■ Exercise brief ■
Output the data below exactly.

■ Data for review ■
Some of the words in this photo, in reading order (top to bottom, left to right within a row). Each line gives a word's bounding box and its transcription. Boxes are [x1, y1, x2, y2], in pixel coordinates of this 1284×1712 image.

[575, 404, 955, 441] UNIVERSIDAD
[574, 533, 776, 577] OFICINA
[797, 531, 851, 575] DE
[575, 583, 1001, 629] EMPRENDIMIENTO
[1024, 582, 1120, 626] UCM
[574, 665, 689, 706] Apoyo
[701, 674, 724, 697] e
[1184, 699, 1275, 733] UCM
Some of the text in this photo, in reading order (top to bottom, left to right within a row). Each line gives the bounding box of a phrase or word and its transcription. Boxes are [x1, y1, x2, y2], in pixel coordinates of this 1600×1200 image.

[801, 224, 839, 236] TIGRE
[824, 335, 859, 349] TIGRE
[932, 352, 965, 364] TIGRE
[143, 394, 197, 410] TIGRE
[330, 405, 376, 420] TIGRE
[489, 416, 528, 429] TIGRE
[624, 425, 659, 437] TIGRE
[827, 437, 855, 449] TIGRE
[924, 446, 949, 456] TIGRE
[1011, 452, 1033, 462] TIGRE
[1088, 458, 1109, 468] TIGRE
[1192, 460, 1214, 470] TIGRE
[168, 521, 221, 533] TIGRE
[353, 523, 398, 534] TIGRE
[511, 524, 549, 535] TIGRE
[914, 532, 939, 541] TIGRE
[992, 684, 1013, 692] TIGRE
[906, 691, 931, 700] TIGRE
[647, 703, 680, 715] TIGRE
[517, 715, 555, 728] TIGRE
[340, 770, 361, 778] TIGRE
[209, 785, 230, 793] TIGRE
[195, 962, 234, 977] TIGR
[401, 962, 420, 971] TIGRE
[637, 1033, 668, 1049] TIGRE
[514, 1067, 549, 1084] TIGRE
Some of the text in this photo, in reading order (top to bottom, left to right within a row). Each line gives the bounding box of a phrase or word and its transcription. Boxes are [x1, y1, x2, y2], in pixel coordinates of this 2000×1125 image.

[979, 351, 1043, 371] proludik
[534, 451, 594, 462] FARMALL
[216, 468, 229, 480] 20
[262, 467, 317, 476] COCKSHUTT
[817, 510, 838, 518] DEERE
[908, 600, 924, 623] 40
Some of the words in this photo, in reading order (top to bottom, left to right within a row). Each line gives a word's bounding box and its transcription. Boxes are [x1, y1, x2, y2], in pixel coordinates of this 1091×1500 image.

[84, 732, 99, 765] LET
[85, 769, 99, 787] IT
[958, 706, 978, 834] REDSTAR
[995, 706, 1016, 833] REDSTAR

■ Response below ■
Some of the words in this photo, in reading order (top to bottom, left to right within a row). Each line gives a word's bounding box and its transcription. Boxes are [x1, y1, x2, y2], in pixel coordinates of this 1284×1712 image.

[575, 404, 955, 441] UNIVERSIDAD
[574, 533, 776, 577] OFICINA
[797, 531, 851, 575] DE
[575, 583, 1001, 629] EMPRENDIMIENTO
[1024, 582, 1120, 626] UCM
[574, 665, 689, 706] Apoyo
[701, 674, 724, 697] e
[1184, 699, 1275, 733] UCM
Some of the text in this photo, in reading order (top to bottom, left to right within a row). Each line gives the bounding box of a phrase or word and its transcription. Boxes are [x1, y1, x2, y2], in pixel coordinates of this 1600×1200 image.

[801, 224, 839, 236] TIGRE
[824, 335, 859, 349] TIGRE
[932, 352, 965, 364] TIGRE
[143, 394, 197, 410] TIGRE
[330, 405, 376, 420] TIGRE
[489, 416, 528, 429] TIGRE
[624, 425, 659, 437] TIGRE
[827, 437, 855, 449] TIGRE
[924, 446, 949, 456] TIGRE
[1011, 452, 1033, 462] TIGRE
[1088, 458, 1109, 468] TIGRE
[1192, 460, 1214, 470] TIGRE
[168, 521, 221, 533] TIGRE
[353, 523, 398, 534] TIGRE
[511, 524, 549, 535] TIGRE
[914, 532, 939, 541] TIGRE
[992, 684, 1013, 692] TIGRE
[906, 691, 931, 700] TIGRE
[647, 703, 680, 715] TIGRE
[517, 715, 555, 728] TIGRE
[340, 770, 361, 778] TIGRE
[209, 785, 230, 793] TIGRE
[195, 962, 234, 977] TIGR
[401, 962, 420, 971] TIGRE
[637, 1033, 668, 1049] TIGRE
[514, 1067, 549, 1084] TIGRE
Some of the text in this photo, in reading order (top to bottom, left to right within a row). Each line gives the bounding box of a phrase or word and its transcription. Boxes are [x1, y1, x2, y2], in pixel coordinates of this 2000×1125 image.

[979, 351, 1043, 371] proludik
[534, 451, 594, 462] FARMALL
[216, 468, 229, 480] 20
[262, 467, 317, 476] COCKSHUTT
[817, 510, 838, 518] DEERE
[908, 600, 924, 623] 40
Some of the words in this photo, in reading order (top to bottom, left to right within a row). Each line gives a word's bounding box and its transcription. Boxes are [x1, y1, x2, y2], in pixel coordinates of this 1091×1500 image.

[84, 732, 99, 765] LET
[85, 769, 99, 787] IT
[958, 706, 978, 834] REDSTAR
[995, 706, 1016, 833] REDSTAR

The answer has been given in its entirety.